Images for object localization
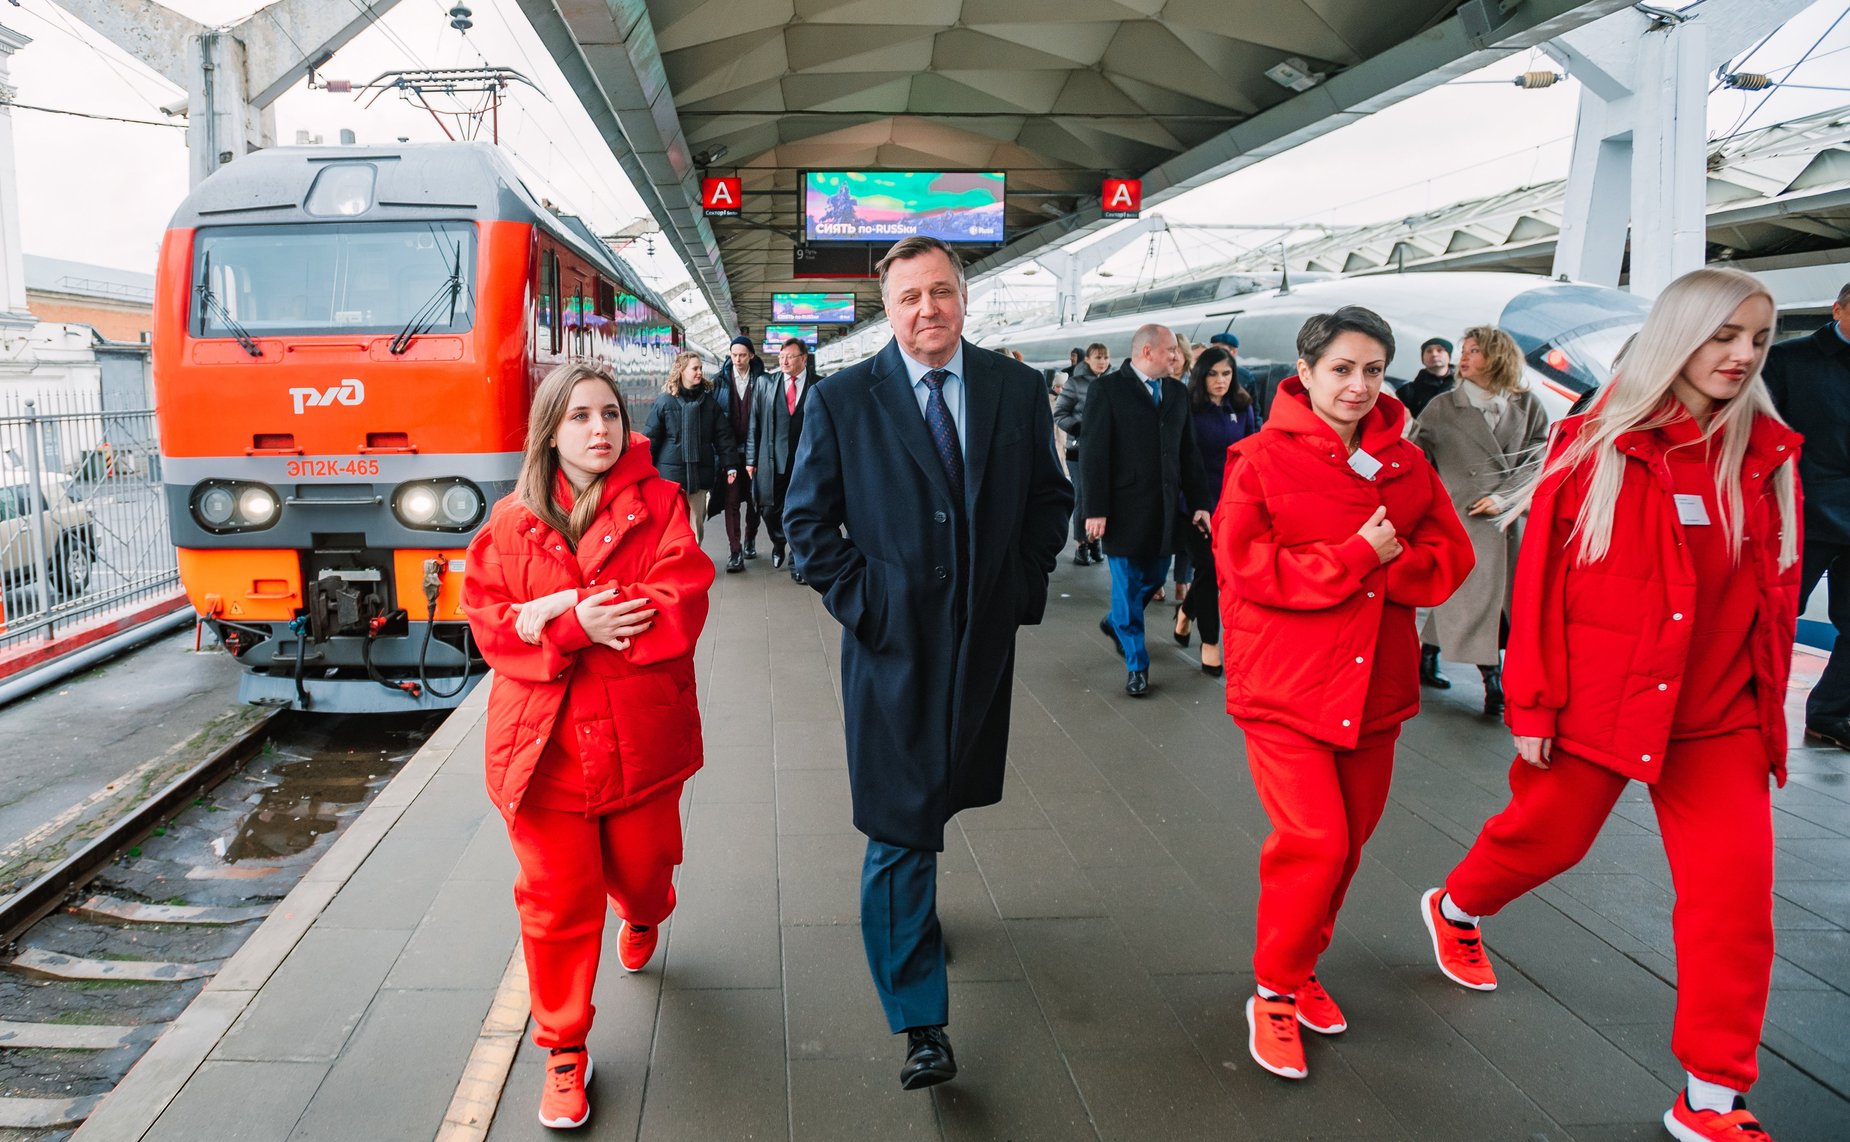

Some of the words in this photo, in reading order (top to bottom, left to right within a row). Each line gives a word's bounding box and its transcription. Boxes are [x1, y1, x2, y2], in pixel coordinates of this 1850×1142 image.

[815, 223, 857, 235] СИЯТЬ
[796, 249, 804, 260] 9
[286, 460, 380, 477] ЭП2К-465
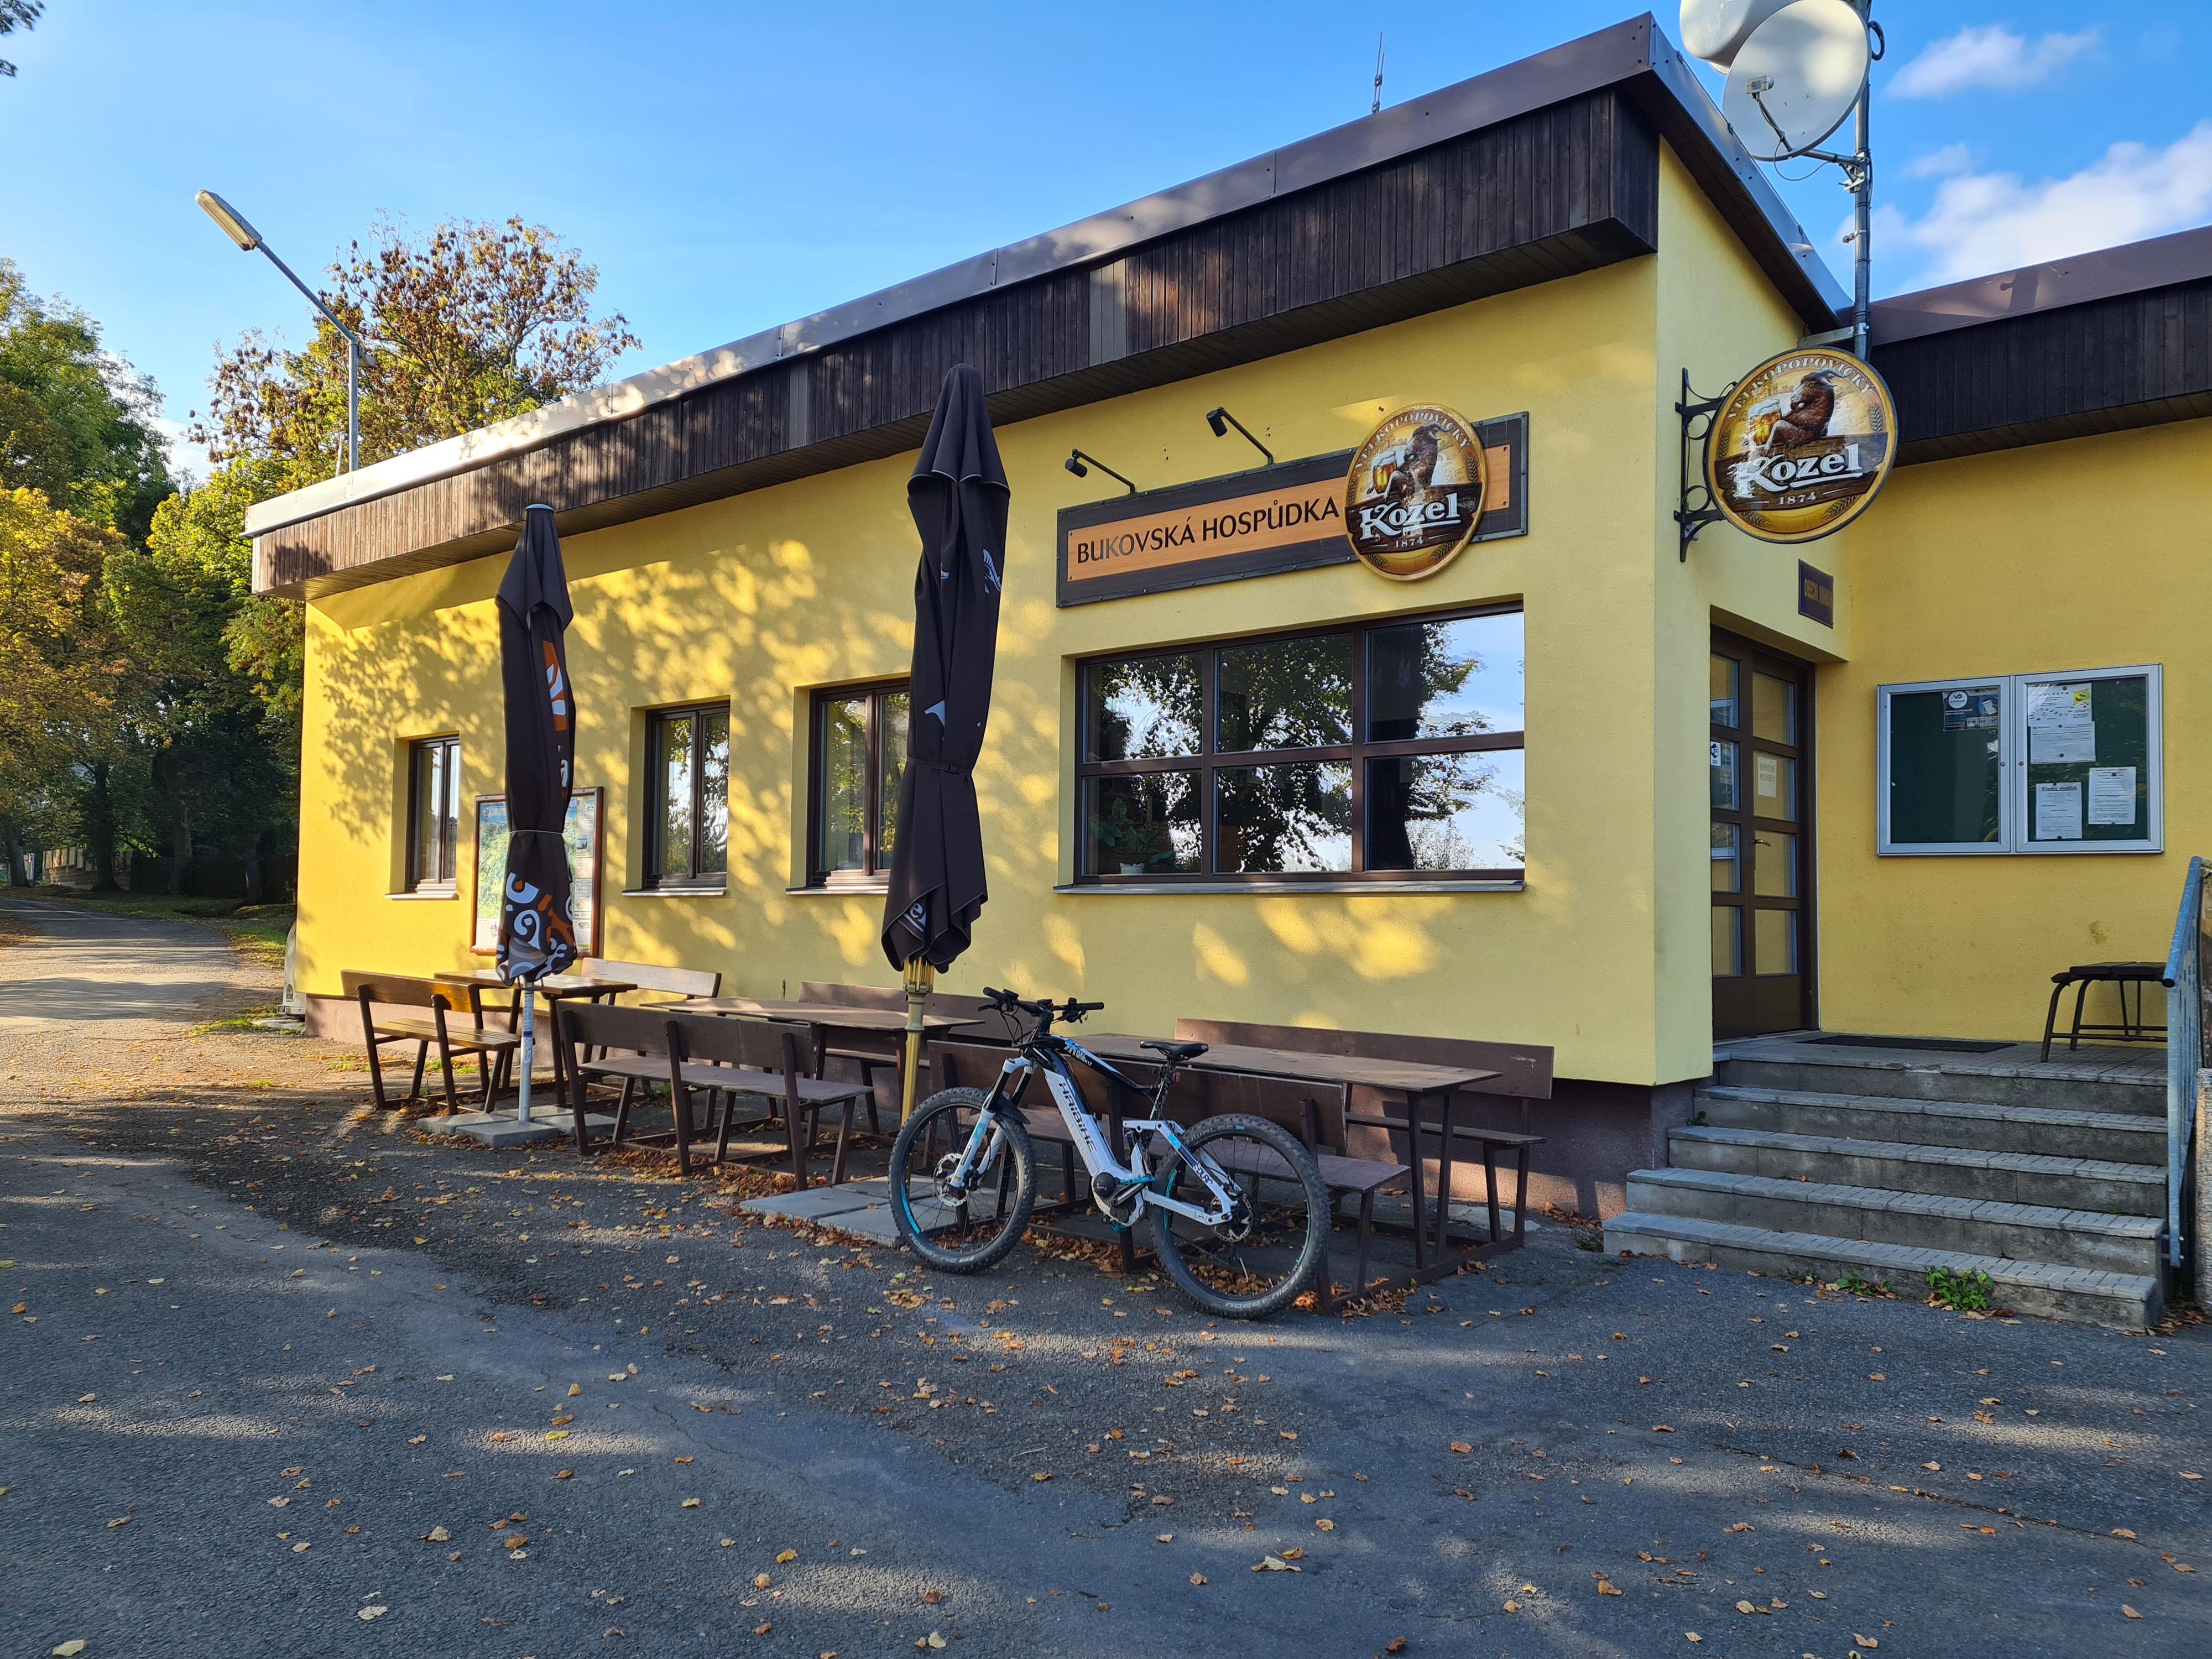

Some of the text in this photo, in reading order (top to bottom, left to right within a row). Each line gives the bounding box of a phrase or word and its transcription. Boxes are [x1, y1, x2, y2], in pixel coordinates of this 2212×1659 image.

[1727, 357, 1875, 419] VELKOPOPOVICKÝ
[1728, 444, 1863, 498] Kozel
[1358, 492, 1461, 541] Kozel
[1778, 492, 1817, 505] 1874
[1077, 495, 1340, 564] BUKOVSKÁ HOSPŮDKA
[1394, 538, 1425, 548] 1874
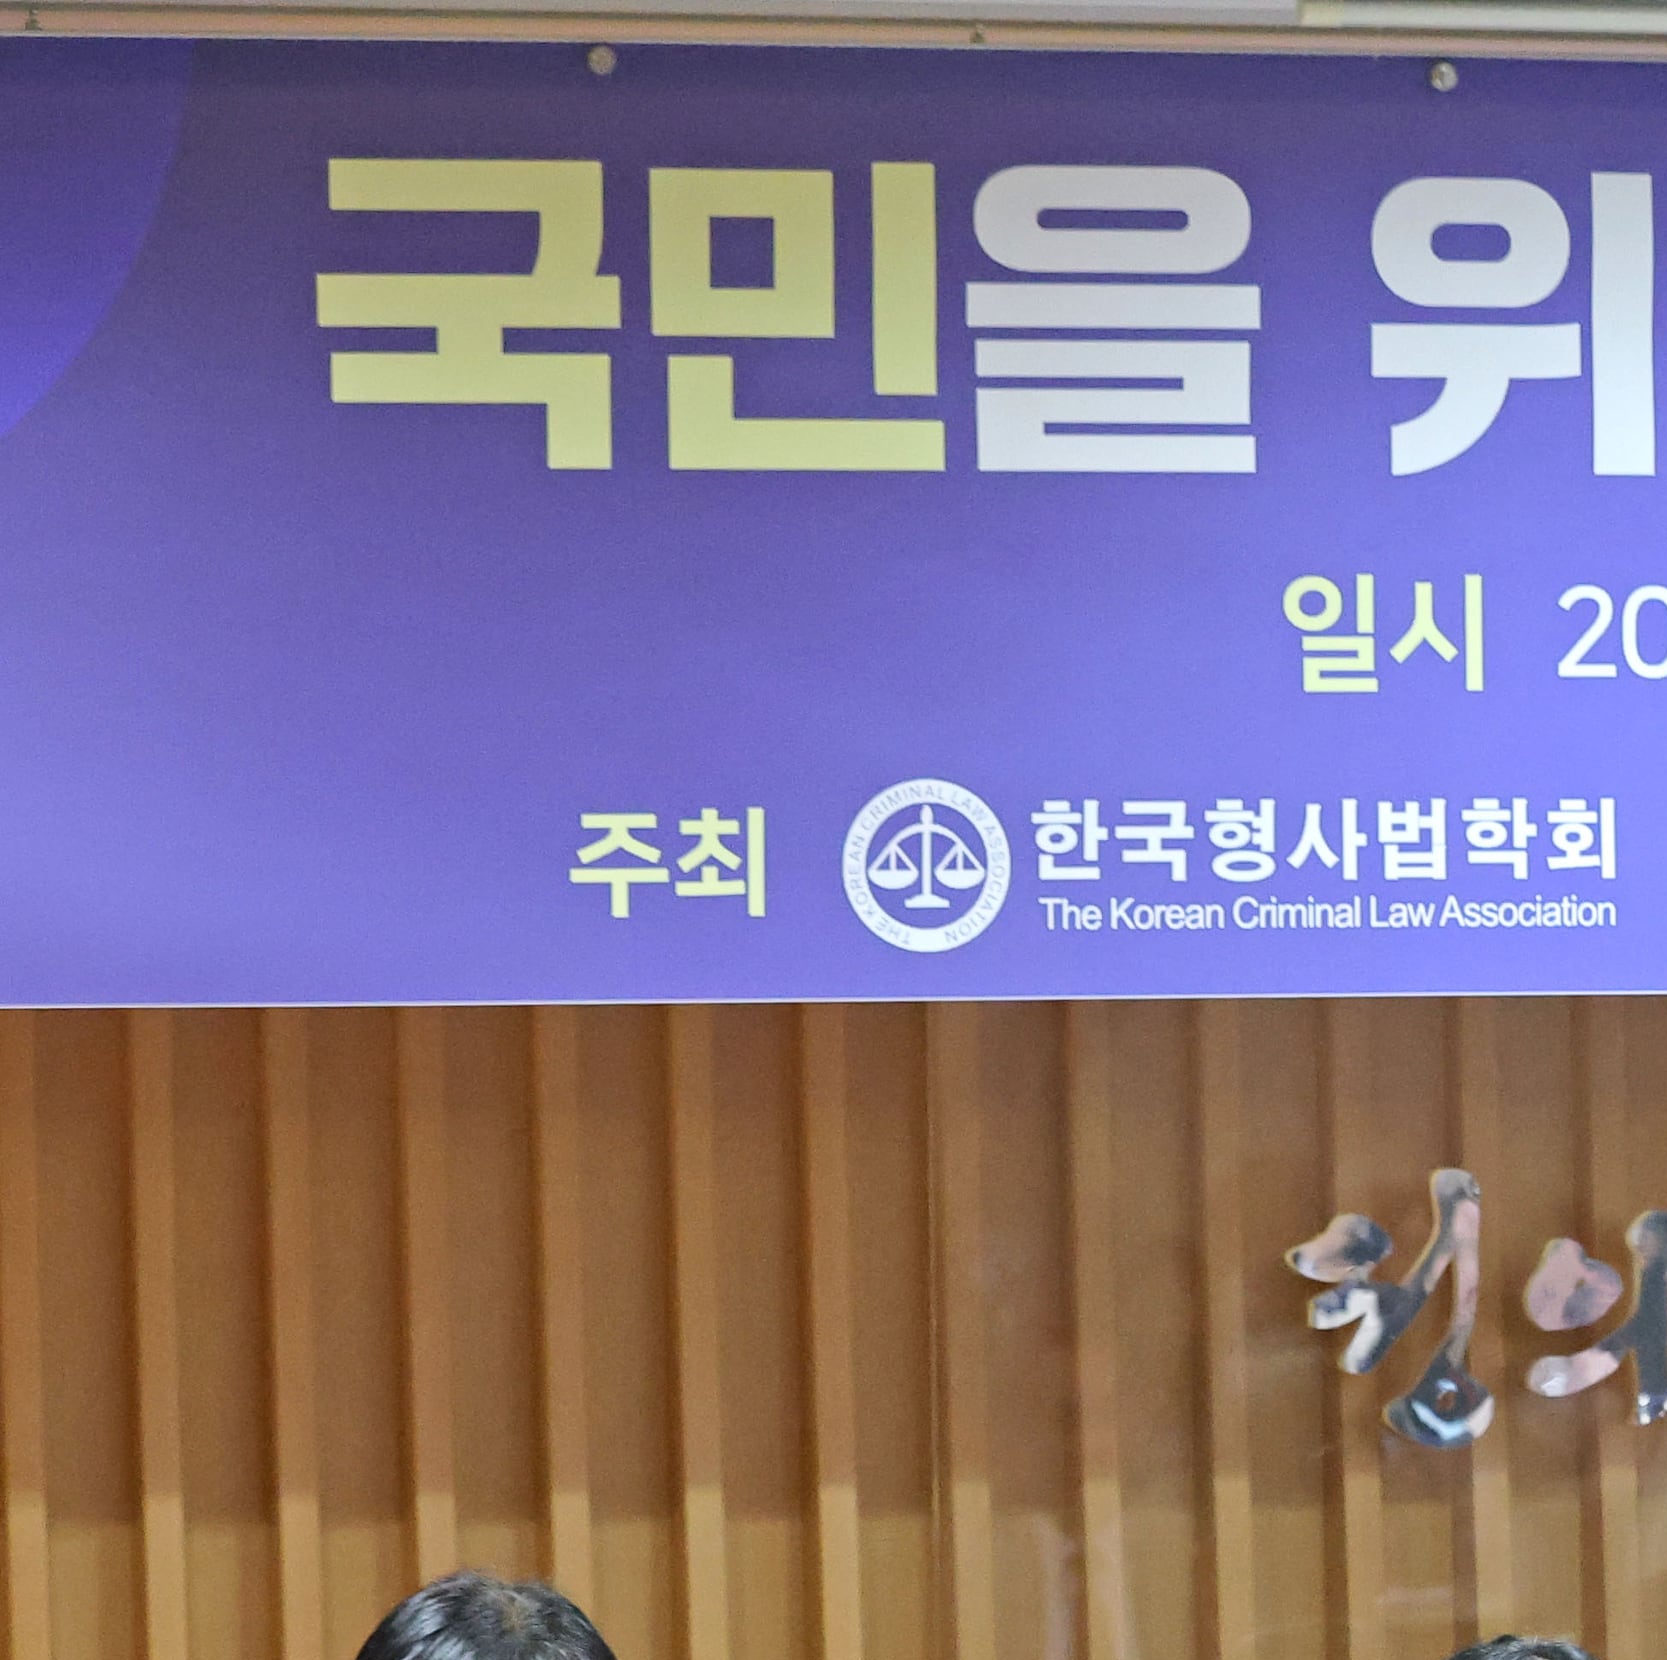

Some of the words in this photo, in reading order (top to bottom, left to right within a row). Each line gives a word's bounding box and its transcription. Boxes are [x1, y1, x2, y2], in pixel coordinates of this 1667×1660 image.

Problem to work on: Transcribe the entries word for word, without their pictures.

Final answer:
Some of the words in this photo, in reading order (top to bottom, left to right within a row). Each line gives a word's bounding box and its transcription. Boxes are [x1, y1, x2, y2], in pixel coordinates of this 1850×1142 image.

[815, 223, 857, 235] СИЯТЬ
[796, 249, 804, 260] 9
[286, 460, 380, 477] ЭП2К-465

Some of the text in this photo, in reading order (top to bottom, left to right within a row). Each line gives the bounding box of a phrase or word and its transcription. Boxes are [x1, y1, x2, y2], in pixel coordinates of this 2212×1659 image.

[1727, 357, 1875, 419] VELKOPOPOVICKÝ
[1728, 444, 1863, 498] Kozel
[1358, 492, 1461, 541] Kozel
[1778, 492, 1817, 505] 1874
[1077, 495, 1340, 564] BUKOVSKÁ HOSPŮDKA
[1394, 538, 1425, 548] 1874

Some of the words in this photo, in reading order (top to bottom, left to right within a row). Each line gives a word's bounding box and its transcription. Boxes are [x1, y1, x2, y2], in pixel coordinates of this 1667×1660 image.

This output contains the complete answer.